In the 1930s Robert Broom, acting on a suggestion from a Transvaal Museum lepidopterist, was the first palaeontologist to visit Gladysvale Cave, hoping to find a hominid fossil cave close to Johannesburg. In 1946 Phillip Tobias recovered a baboon fossil from the site. The 1948 Camp-Peabody expedition from the United States failed to find any hominid remains. The site was then forgotten until 1991 when Lee Berger and Andre Keyser started excavations. They soon found two teeth of Australopithecus africanus, making Gladysvale the first new hominid site in South Africa since the 1948 discovery of Swartkrans by Robert Broom.

Since then the site has yielded more than a quarter of a million fossils in excavations by teams from the University of the Witwatersrand, the University of Zurich and Duke University. These fossils include, beside hominids, antelope, extinct wolves, giant zebra and monkeys.

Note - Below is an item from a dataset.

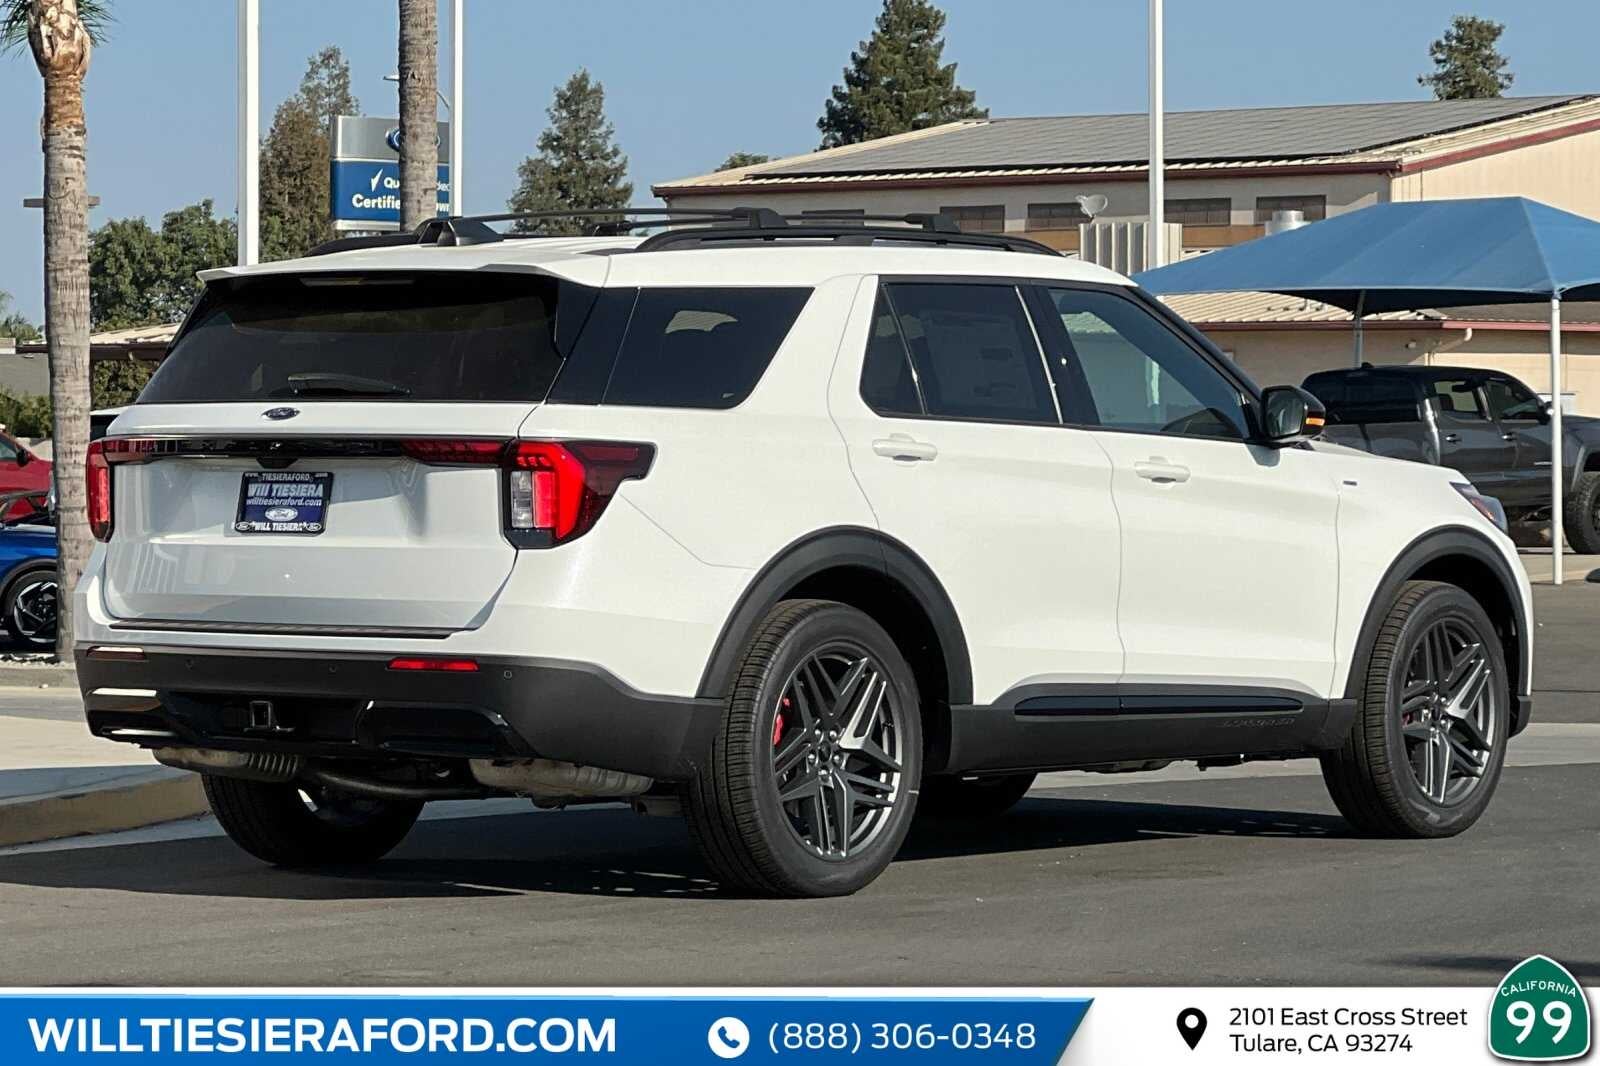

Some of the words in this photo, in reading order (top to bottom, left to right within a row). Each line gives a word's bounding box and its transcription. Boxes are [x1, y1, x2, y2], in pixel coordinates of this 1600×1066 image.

[352, 193, 400, 210] Certifie
[271, 483, 323, 497] TIESIERA
[246, 496, 322, 506] willtiesieraford.com
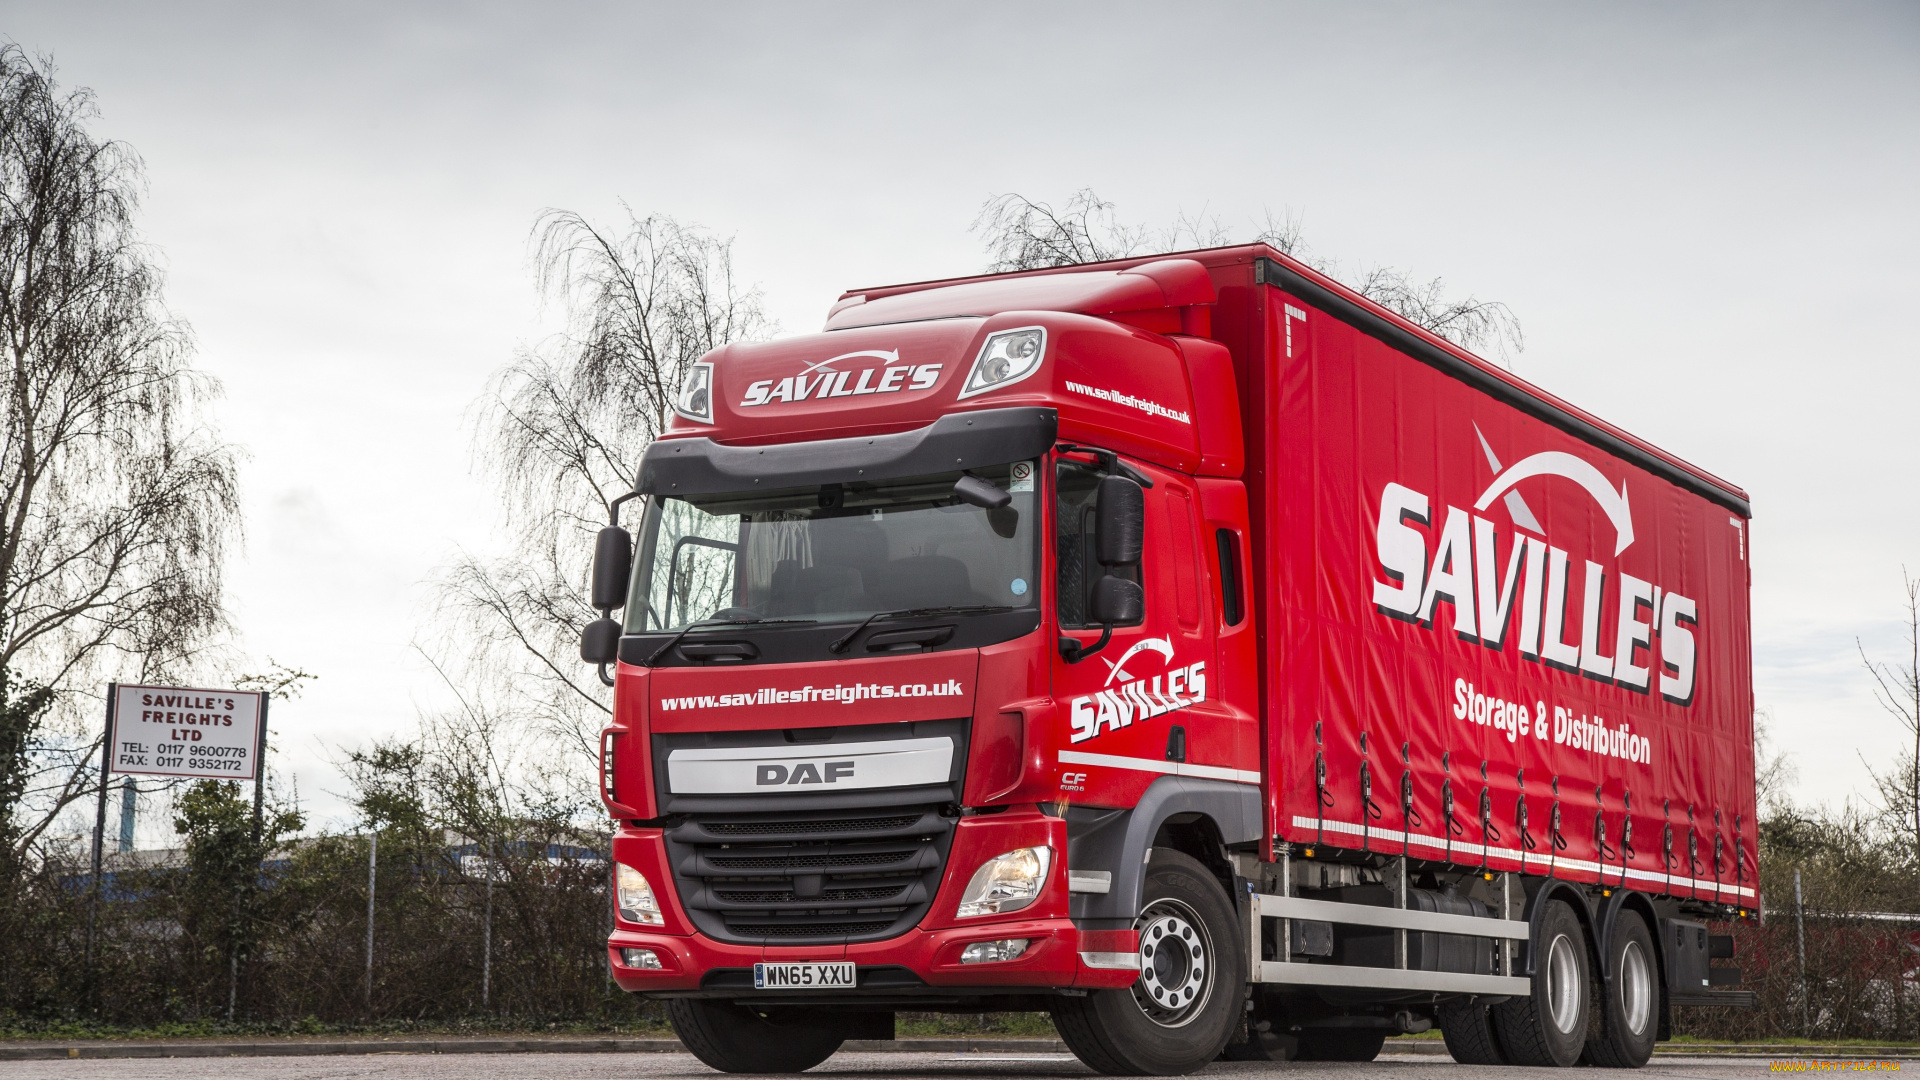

Dr Colin Menter from the University of Johannesburg, commenting on the hominid fossils from Drimolen, stated: “Discoveries at this site showed us that sex differences in Paranthropus robustus were greater than we had previously thought. While there are some specimens from Drimolen that are just as large and robust as those from other sites like Swartkrans, there is a complete female skull that is distinctly smaller than the other, well-preserved specimens of the species.”

==Personal life==
Eldest of three sons of Gabriel Keyser and Adelheid Dorothea Giesekke, André Keyser was married to Josina/Sienie le Roux and lived in Meyerspark, Pretoria. They had two sons and two daughters (Helena, Gawie, Liesel and Andre). He was also a painter, with a strong influence of the nature of South Africa. His death was due to cancer.